In short, HDR really makes bright colors pop and keeps dark colors dark. So if you see the sun on your TV, it will be very bright, making it feel like you’re actually looking toward the sky. Or if you see a match lit in a dark room, the match will actually feel like the only source of light. In essence, HDR tech improves pixels rather than increasing their number or improving a screen’s refresh rate, which is what TVs have done to boost picture quality for the past few years.
There are two primary standards when it comes to HDR TVs and HDR TV content: HDR10 and Dolby Vision. HDR10 is the open standard of both OEMs and content creators in the TV industry, but you’ll never see it actually listed as “HDR10” when you’re shopping for TVs. Each manufacturer calls it something different, but if you see that a TV supports HDR in some way, you can assume they mean HDR10. Because it’s an open standard, content creators can use it without paying licensing fees.

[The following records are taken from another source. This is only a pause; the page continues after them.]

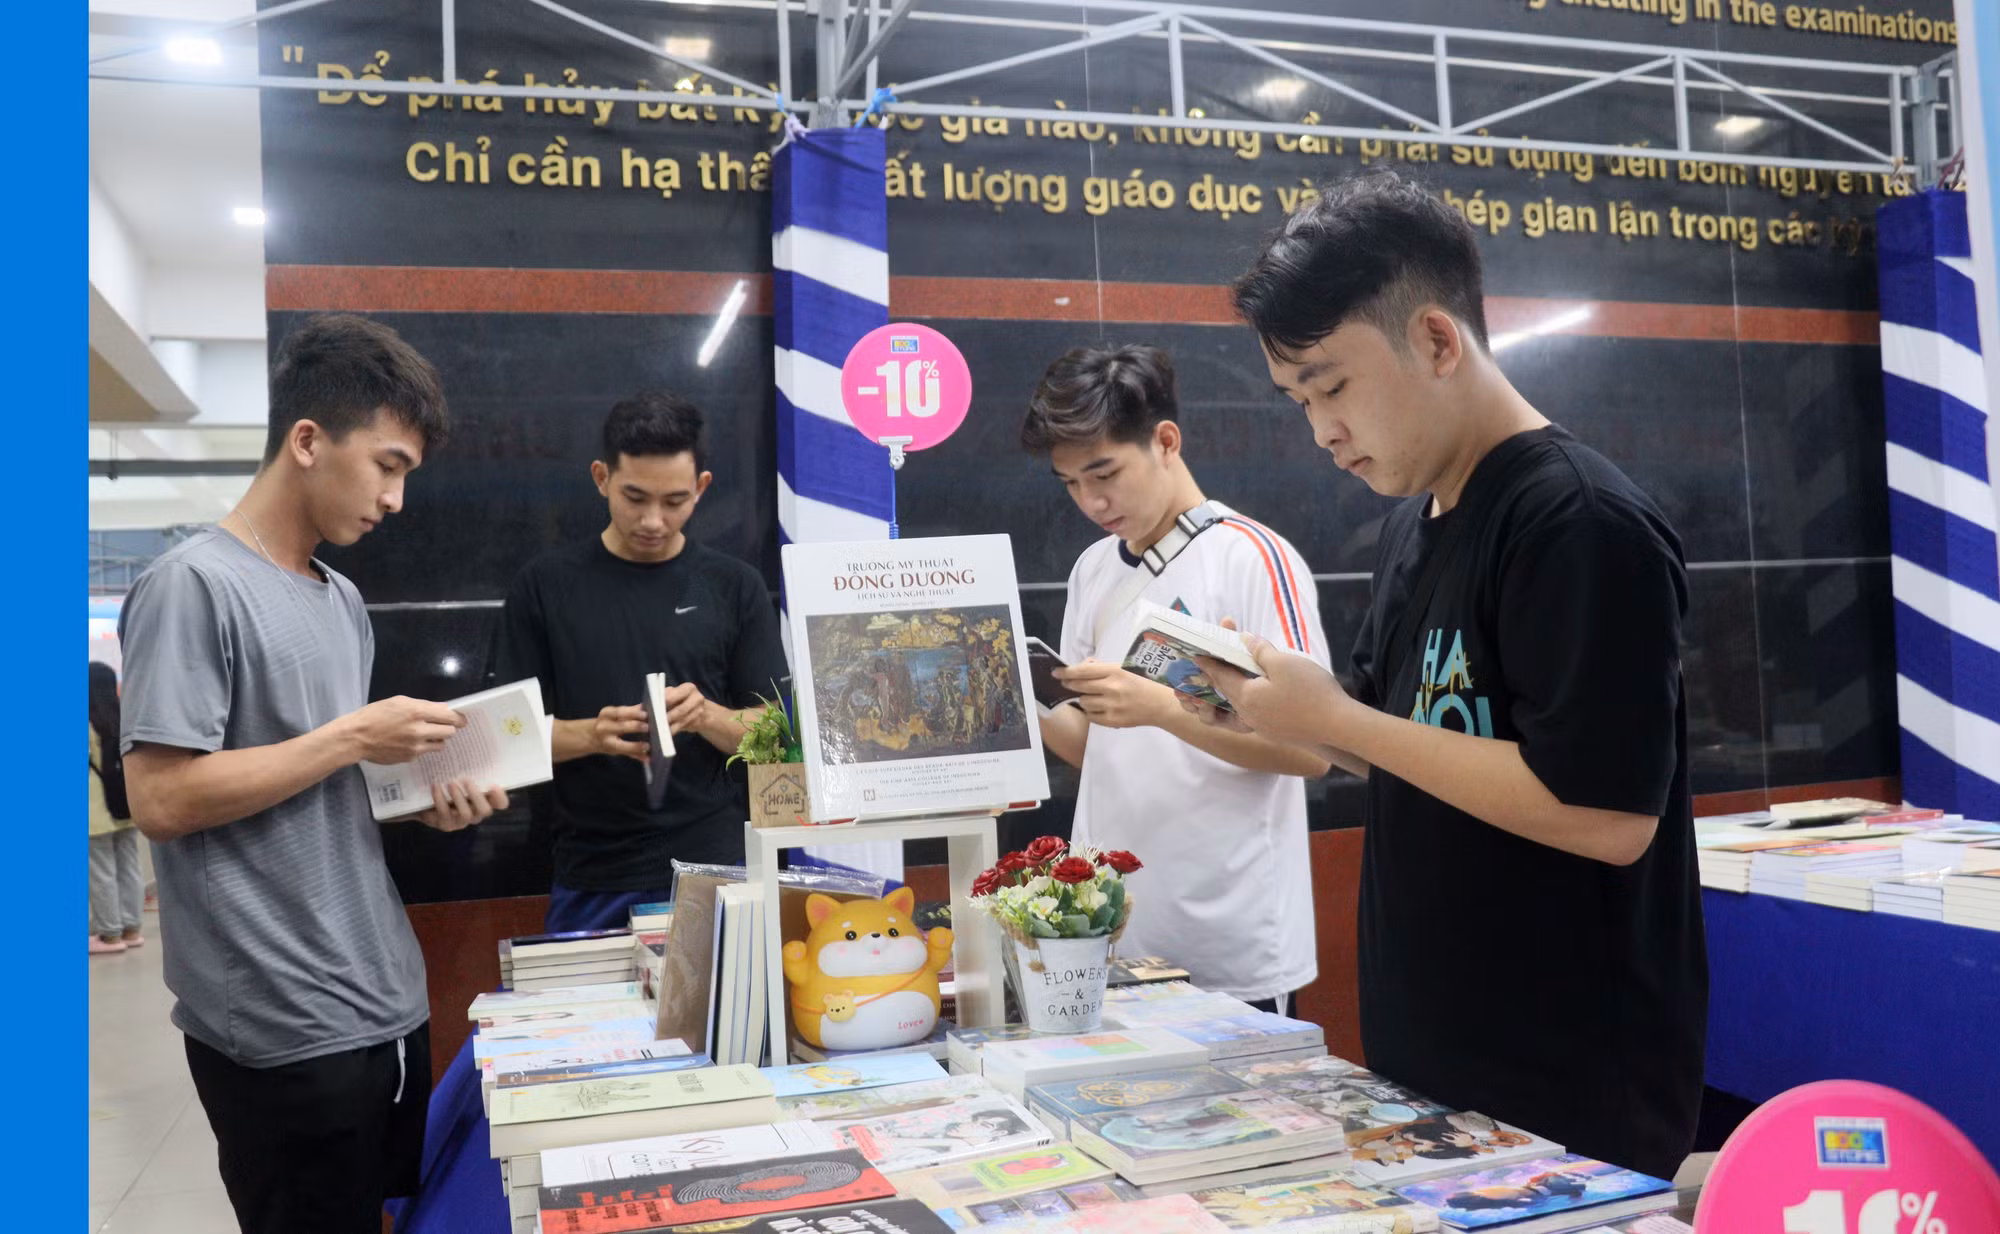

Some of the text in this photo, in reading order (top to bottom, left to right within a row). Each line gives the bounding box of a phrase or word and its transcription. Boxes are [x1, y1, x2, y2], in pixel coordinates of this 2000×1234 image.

[1729, 0, 1776, 25] the
[1786, 4, 1958, 44] examinations
[406, 136, 491, 184] Chỉ
[507, 135, 601, 188] cần
[621, 147, 681, 199] hạ
[943, 162, 1068, 213] lượng
[1083, 168, 1175, 215] giáo
[1189, 173, 1262, 220] dục
[1443, 189, 1511, 235] hép
[1523, 196, 1597, 238] gian
[1609, 201, 1659, 243] lận
[1669, 206, 1758, 250] trong
[833, 568, 975, 591] ĐÔNG DƯƠNG
[1147, 645, 1174, 676] SLIME
[1422, 628, 1474, 689] HA
[1044, 967, 1107, 985] FLOWERS

Unlike HDR10, Dolby Vision is a proprietary HDR standard that does more, at a price. Dolby Vision supports a wider range of color luminance (up to 10,000 nits, HDR10 maxes out at 1,000), and Dolby Vision content is mastered with 12-bit color depth (HDR10 is only 10-bit). That means Dolby Vision has a possible 68 billion colors it can use, where HDR10 has a little over one billion. Current non-HDR TVs top out at about 16 million colors.
The biggest difference, however, is that every frame of Dolby Vision content has metadata that tells your HDR TV how to display that specific frame. HDR10’s metadata doesn’t change from one frame to the next, and has the same instructions set for all frames, so you don’t get the same level of visual clarity you would with Dolby Vision, especially if a movie does a lot of bouncing back and forth between light and dark environments. That said, Dolby Vision requires its HDR content to be played through a compatible player and output to a compatible display. Because manufacturers have to pay for a special Dolby Vision chip, certification process, and proprietary licensing fees, they have to extend those extra costs to you as the consumer.

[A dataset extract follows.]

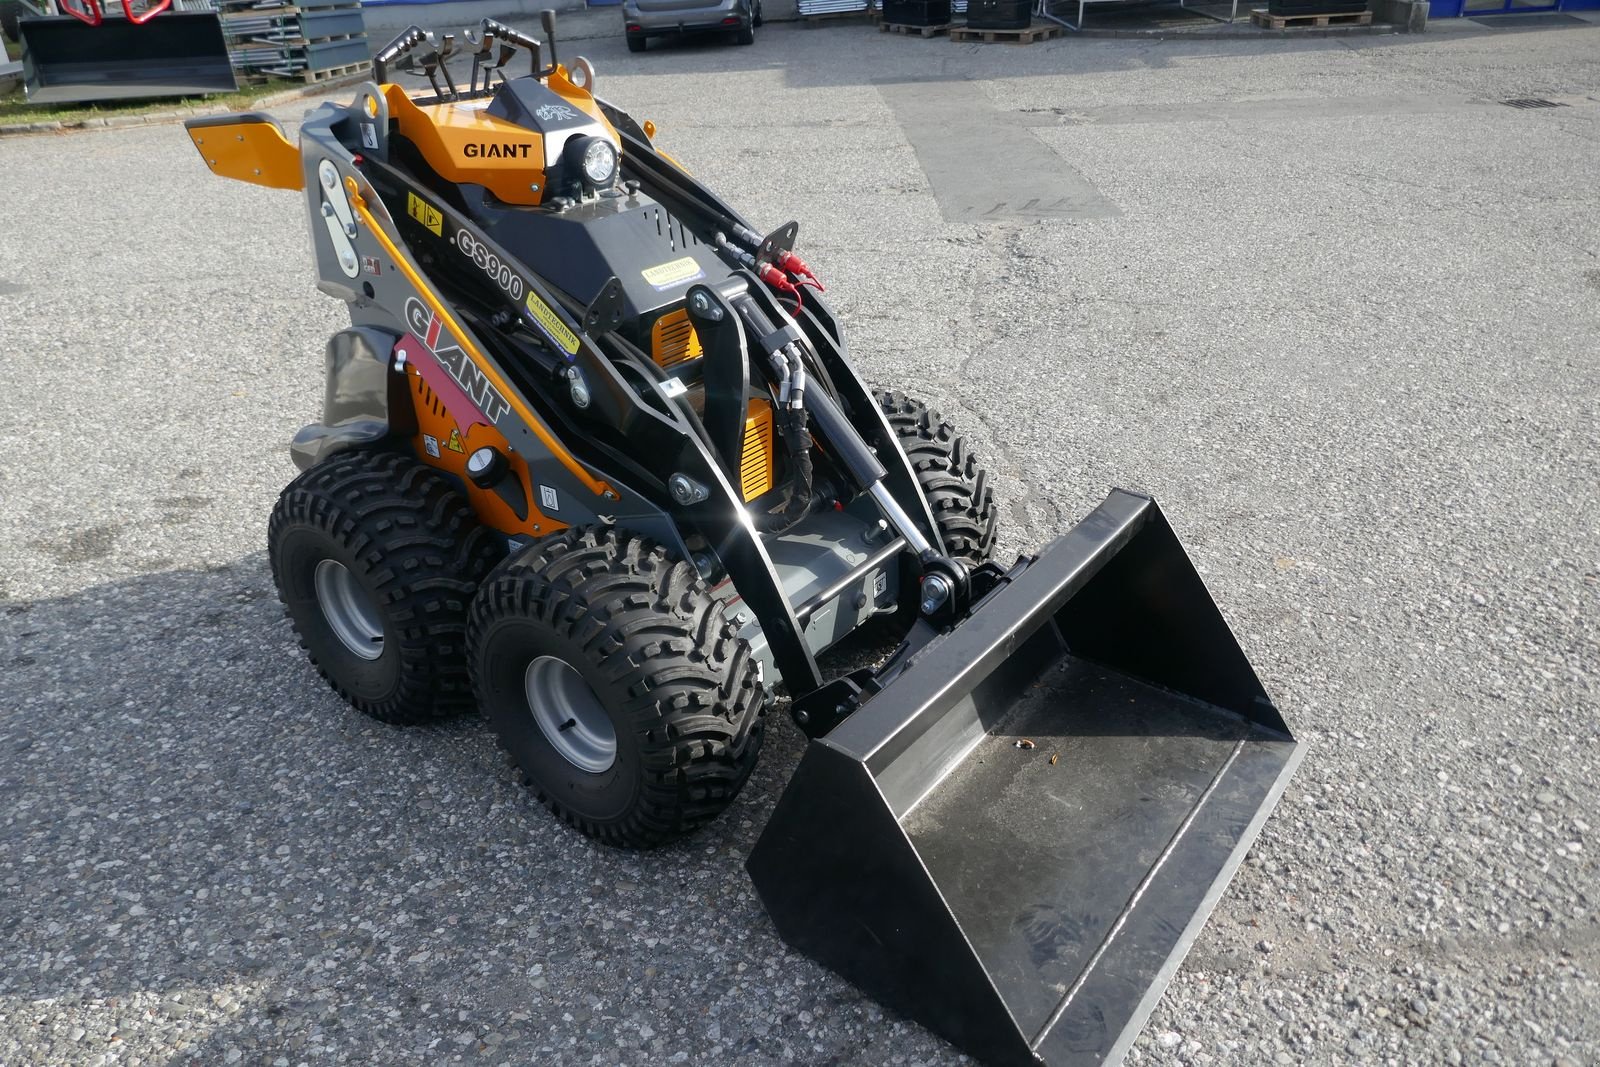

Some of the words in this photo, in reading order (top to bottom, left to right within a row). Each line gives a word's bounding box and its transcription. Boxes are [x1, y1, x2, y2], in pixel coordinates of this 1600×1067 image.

[463, 143, 532, 158] GIANT
[457, 228, 523, 300] GS900
[530, 294, 576, 346] LANDTECHNIK

For example, this 55-inch HDR10-enabled LG TV costs $800. The same model with HDR10 and Dolby Vision costs closer to $1,300. All in all, Dolby Vision has the best specs, and most would say it looks better than HDR10, but it isn’t cheap, and adoption has been slower.

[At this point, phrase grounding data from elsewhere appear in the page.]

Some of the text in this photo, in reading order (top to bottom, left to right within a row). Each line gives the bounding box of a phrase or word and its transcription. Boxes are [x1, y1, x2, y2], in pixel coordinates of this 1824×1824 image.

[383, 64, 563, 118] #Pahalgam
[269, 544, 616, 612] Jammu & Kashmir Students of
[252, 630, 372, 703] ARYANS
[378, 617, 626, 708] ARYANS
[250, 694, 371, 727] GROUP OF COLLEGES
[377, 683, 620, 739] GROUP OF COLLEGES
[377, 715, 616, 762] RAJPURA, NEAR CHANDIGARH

It’s also important to know which manufacturers support which standards. You can find TVs that support both, but there are also TVs that only support one or the other. Vizio and LG HDR TVs support both HDR10 and Dolby Vision. Though, some Vizio models were shipped only with Dolby Vision support and are starting to get HDR10 support through firmware updates. Not all TVs can support HDR10 after a few firmware updates, but some, like Sony’s 2015 line of 4K UHD TVs, can. Sony, Samsung, Hisense, Sharp, and most of the other players only support HDR10. Fortunately, just about any HDR TV is going to improve your picture quality over standard 1080p or 4K, so there’s no way to get totally screwed out of a nice upgrade. The two standards will coexist a lot like DTS and Dolby Digital, the two main audio formats that receivers decode. Keep in mind, though, Dolby has always had a lot of support from Hollywood studios, so don’t be surprised if some future content is released as Dolby Vision-only.